(Task directions):
Give the data below again exactly, and drop each picture from it.

(Supplied entries):
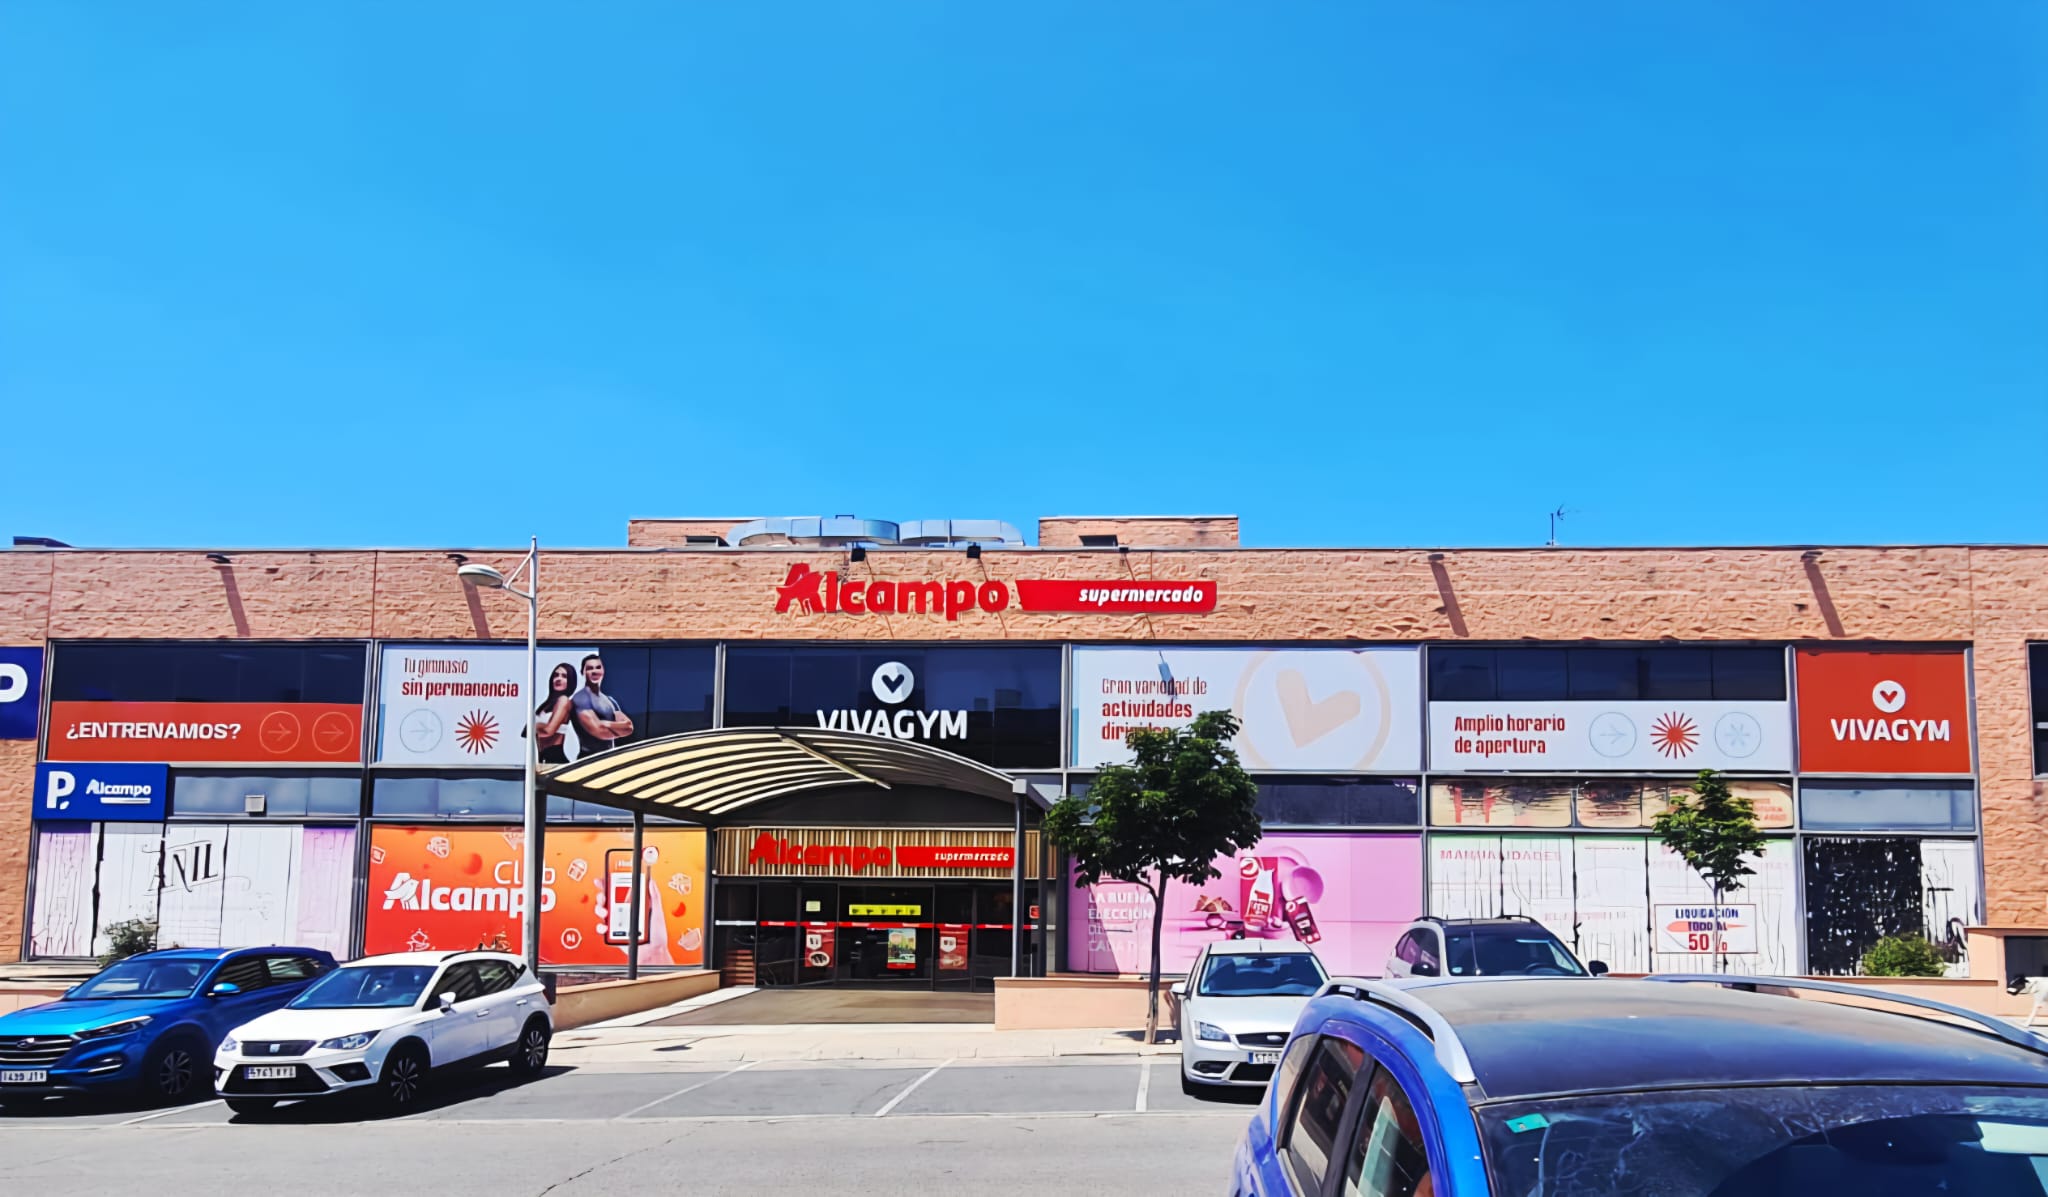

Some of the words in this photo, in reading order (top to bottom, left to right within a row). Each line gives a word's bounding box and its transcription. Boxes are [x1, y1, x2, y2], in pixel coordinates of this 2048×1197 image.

[775, 563, 1009, 621] Alcampo
[1078, 585, 1204, 605] supermercado
[418, 657, 469, 678] gimnasio
[402, 678, 423, 696] sin
[425, 679, 519, 701] permanencia
[1102, 678, 1132, 694] Gran
[1193, 676, 1207, 694] de
[1102, 699, 1193, 717] actividades
[66, 721, 242, 740] ¿ENTRENAMOS?
[816, 708, 968, 740] VIVAGYM
[1454, 714, 1504, 736] Amplio
[1506, 713, 1566, 732] horario
[1830, 718, 1950, 741] VIVAGYM
[1454, 735, 1472, 754] de
[1475, 737, 1546, 758] apertura
[86, 779, 152, 796] Alcampo
[750, 831, 893, 872] Alcampo
[494, 860, 557, 885] Clb
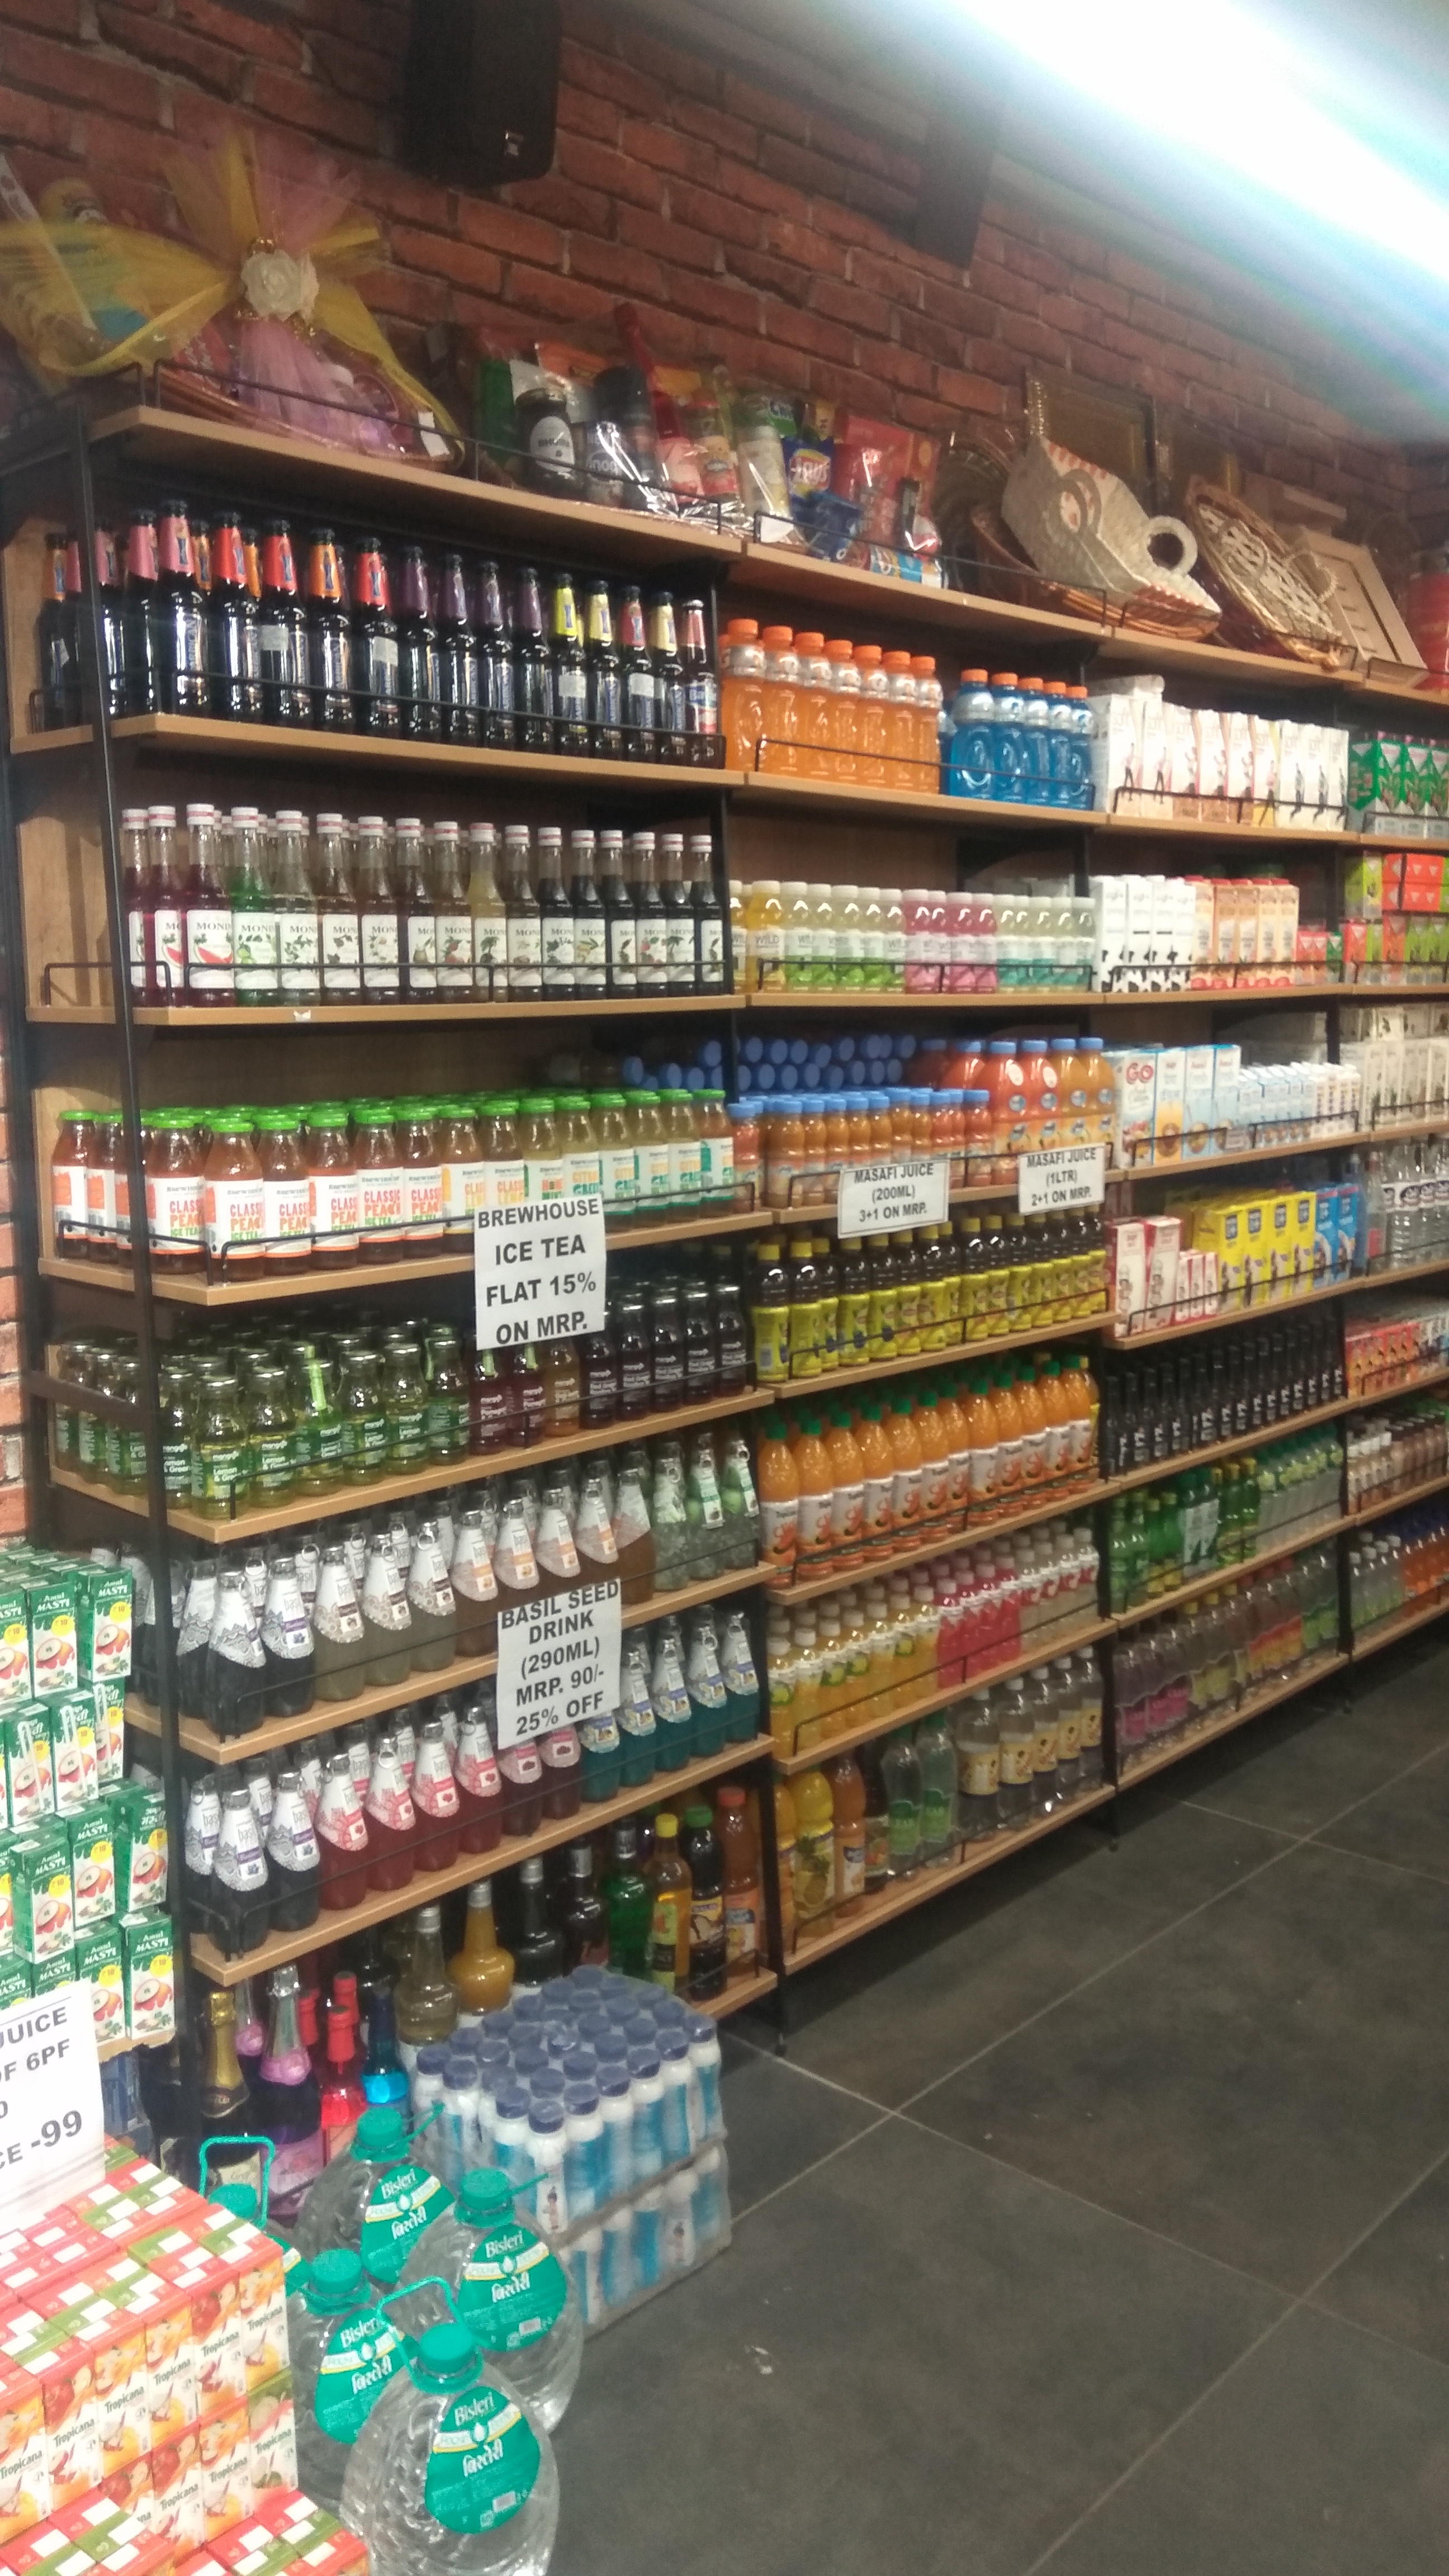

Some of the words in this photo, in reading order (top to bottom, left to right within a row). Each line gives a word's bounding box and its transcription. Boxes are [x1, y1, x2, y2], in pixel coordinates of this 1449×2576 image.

[1126, 1062, 1154, 1084] GO
[1027, 1152, 1064, 1168] MASAFI
[1068, 1148, 1096, 1163] JUICE
[855, 1167, 897, 1183] MASAFI
[900, 1163, 933, 1178] JUICE
[1046, 1169, 1078, 1187] (1LTR)
[331, 1197, 358, 1211] CLASS
[411, 1188, 440, 1201] CLASS
[872, 1187, 916, 1203] (200ML)
[1031, 1193, 1048, 1206] 2+1
[1052, 1189, 1067, 1202] ON
[1069, 1186, 1091, 1200] MRP.
[169, 1199, 203, 1214] CLASS
[230, 1202, 263, 1217] CLASS
[280, 1202, 307, 1216] CLASS
[479, 1199, 599, 1228] BREWHOUSE
[860, 1208, 879, 1222] 3+1
[883, 1205, 899, 1218] ON
[903, 1202, 926, 1216] MRP.
[495, 1241, 532, 1265] ICE
[541, 1234, 586, 1258] TEA
[486, 1278, 541, 1307] FLAT
[550, 1271, 596, 1296] 15%
[496, 1320, 528, 1344] ON
[537, 1311, 588, 1338] MRP.
[98, 1585, 128, 1597] MASTI
[104, 1579, 122, 1588] Amul
[36, 1599, 70, 1612] MASTI
[44, 1592, 64, 1602] Amul
[502, 1596, 561, 1629] BASIL
[569, 1580, 619, 1609] SEED
[0, 1607, 21, 1618] ASTI
[529, 1610, 594, 1645] DRINK
[522, 1636, 600, 1680] (290ML)
[517, 1678, 564, 1706] MRP.
[571, 1664, 604, 1689] 90/-
[517, 1706, 558, 1736] 25%
[566, 1691, 604, 1718] OFF
[83, 1818, 103, 1829] Amul
[203, 1813, 217, 1826] bas
[77, 1824, 108, 1841] MASTI
[238, 1827, 253, 1842] bas
[35, 1857, 65, 1876] MASTI
[41, 1851, 60, 1864] Amul
[136, 1938, 168, 1953] MASTI
[143, 1931, 163, 1942] Amul
[84, 1947, 116, 1966] MASTI
[91, 1942, 111, 1954] Amul
[39, 1963, 70, 1982] MASTI
[45, 1957, 65, 1970] Amul
[0, 1980, 26, 1994] ASTI
[0, 2061, 17, 2082] F
[26, 2039, 70, 2071] 6PF
[0, 2143, 23, 2170] E
[31, 2110, 82, 2148] -99
[381, 2168, 417, 2200] Bisleri
[485, 2230, 524, 2258] Bisleri
[247, 2306, 282, 2331] Tropicana
[201, 2332, 239, 2357] Tropicana
[154, 2357, 191, 2386] Tropicana
[105, 2386, 144, 2413] Tropicana
[454, 2392, 495, 2426] Bisleri
[54, 2418, 94, 2448] Tropicana
[255, 2428, 292, 2454] Tropicana
[0, 2449, 42, 2479] Tropicana
[209, 2456, 247, 2483] Tropicana
[160, 2483, 199, 2511] Tropicana
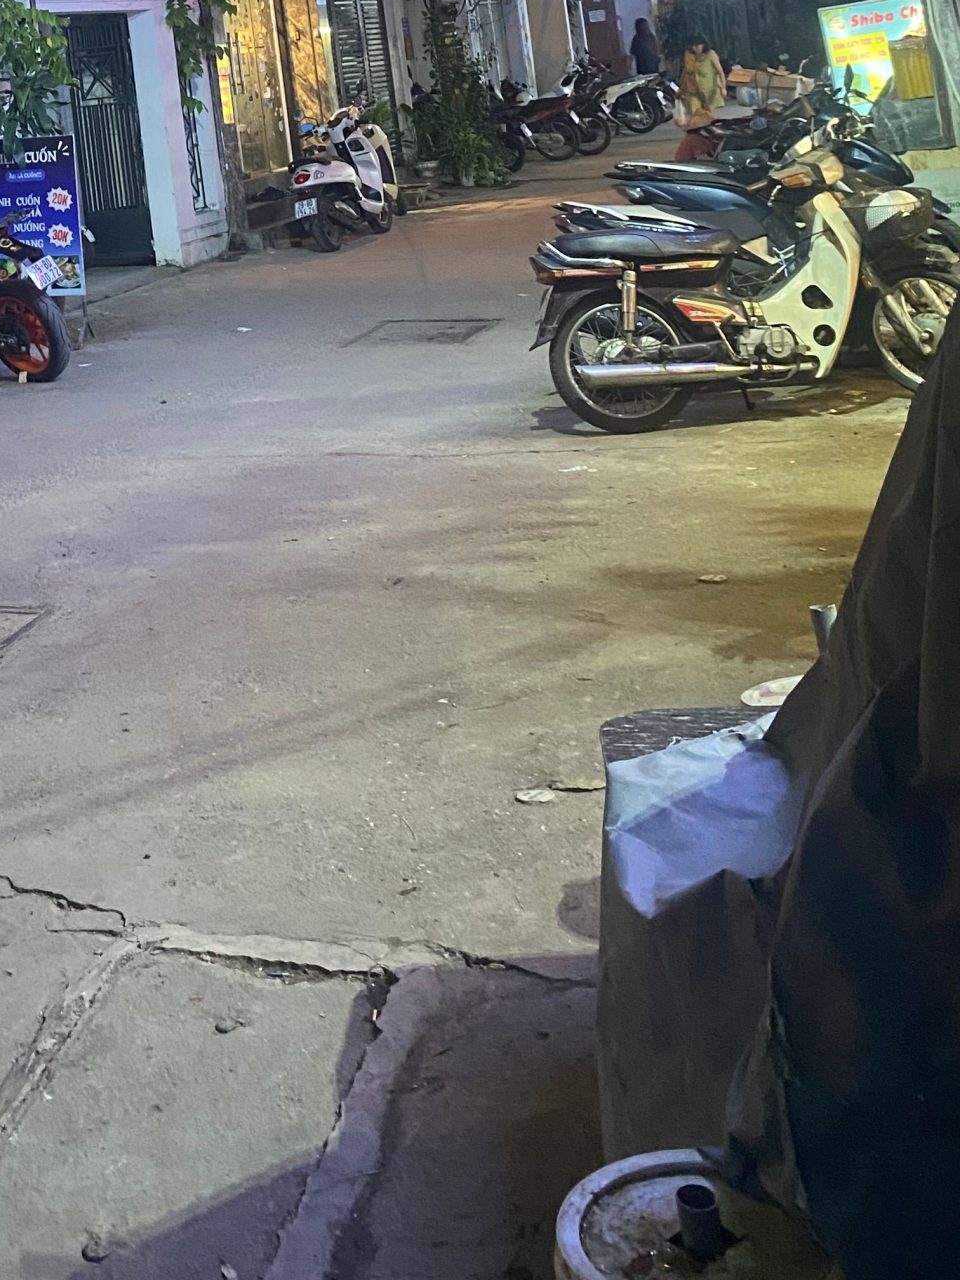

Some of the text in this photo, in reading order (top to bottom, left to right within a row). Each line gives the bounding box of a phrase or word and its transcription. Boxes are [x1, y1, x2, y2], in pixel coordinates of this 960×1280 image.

(Your solution):
Some of the words in this photo, in reading order (top to bottom, left to right within a row). Each line gives a word's bounding box and its transcription. Boxes are [x1, y1, x2, y2], in pixel coordinates of this 2048×1197 image.

[775, 563, 1009, 621] Alcampo
[1078, 585, 1204, 605] supermercado
[418, 657, 469, 678] gimnasio
[402, 678, 423, 696] sin
[425, 679, 519, 701] permanencia
[1102, 678, 1132, 694] Gran
[1193, 676, 1207, 694] de
[1102, 699, 1193, 717] actividades
[66, 721, 242, 740] ¿ENTRENAMOS?
[816, 708, 968, 740] VIVAGYM
[1454, 714, 1504, 736] Amplio
[1506, 713, 1566, 732] horario
[1830, 718, 1950, 741] VIVAGYM
[1454, 735, 1472, 754] de
[1475, 737, 1546, 758] apertura
[86, 779, 152, 796] Alcampo
[750, 831, 893, 872] Alcampo
[494, 860, 557, 885] Clb

Some of the words in this photo, in reading order (top to bottom, left to right within a row). Each line gives a word's bounding box and its transcription. Boxes are [x1, y1, x2, y2], in pixel coordinates of this 1449×2576 image.

[1126, 1062, 1154, 1084] GO
[1027, 1152, 1064, 1168] MASAFI
[1068, 1148, 1096, 1163] JUICE
[855, 1167, 897, 1183] MASAFI
[900, 1163, 933, 1178] JUICE
[1046, 1169, 1078, 1187] (1LTR)
[331, 1197, 358, 1211] CLASS
[411, 1188, 440, 1201] CLASS
[872, 1187, 916, 1203] (200ML)
[1031, 1193, 1048, 1206] 2+1
[1052, 1189, 1067, 1202] ON
[1069, 1186, 1091, 1200] MRP.
[169, 1199, 203, 1214] CLASS
[230, 1202, 263, 1217] CLASS
[280, 1202, 307, 1216] CLASS
[479, 1199, 599, 1228] BREWHOUSE
[860, 1208, 879, 1222] 3+1
[883, 1205, 899, 1218] ON
[903, 1202, 926, 1216] MRP.
[495, 1241, 532, 1265] ICE
[541, 1234, 586, 1258] TEA
[486, 1278, 541, 1307] FLAT
[550, 1271, 596, 1296] 15%
[496, 1320, 528, 1344] ON
[537, 1311, 588, 1338] MRP.
[98, 1585, 128, 1597] MASTI
[104, 1579, 122, 1588] Amul
[36, 1599, 70, 1612] MASTI
[44, 1592, 64, 1602] Amul
[502, 1596, 561, 1629] BASIL
[569, 1580, 619, 1609] SEED
[0, 1607, 21, 1618] ASTI
[529, 1610, 594, 1645] DRINK
[522, 1636, 600, 1680] (290ML)
[517, 1678, 564, 1706] MRP.
[571, 1664, 604, 1689] 90/-
[517, 1706, 558, 1736] 25%
[566, 1691, 604, 1718] OFF
[83, 1818, 103, 1829] Amul
[203, 1813, 217, 1826] bas
[77, 1824, 108, 1841] MASTI
[238, 1827, 253, 1842] bas
[35, 1857, 65, 1876] MASTI
[41, 1851, 60, 1864] Amul
[136, 1938, 168, 1953] MASTI
[143, 1931, 163, 1942] Amul
[84, 1947, 116, 1966] MASTI
[91, 1942, 111, 1954] Amul
[39, 1963, 70, 1982] MASTI
[45, 1957, 65, 1970] Amul
[0, 1980, 26, 1994] ASTI
[0, 2061, 17, 2082] F
[26, 2039, 70, 2071] 6PF
[0, 2143, 23, 2170] E
[31, 2110, 82, 2148] -99
[381, 2168, 417, 2200] Bisleri
[485, 2230, 524, 2258] Bisleri
[247, 2306, 282, 2331] Tropicana
[201, 2332, 239, 2357] Tropicana
[154, 2357, 191, 2386] Tropicana
[105, 2386, 144, 2413] Tropicana
[454, 2392, 495, 2426] Bisleri
[54, 2418, 94, 2448] Tropicana
[255, 2428, 292, 2454] Tropicana
[0, 2449, 42, 2479] Tropicana
[209, 2456, 247, 2483] Tropicana
[160, 2483, 199, 2511] Tropicana

Some of the text in this photo, in reading order (top to bottom, left to right within a row). Each line gives the bounding box of a phrase or word and its transcription. Boxes are [x1, y1, x2, y2], in pixel coordinates of this 960×1280 image.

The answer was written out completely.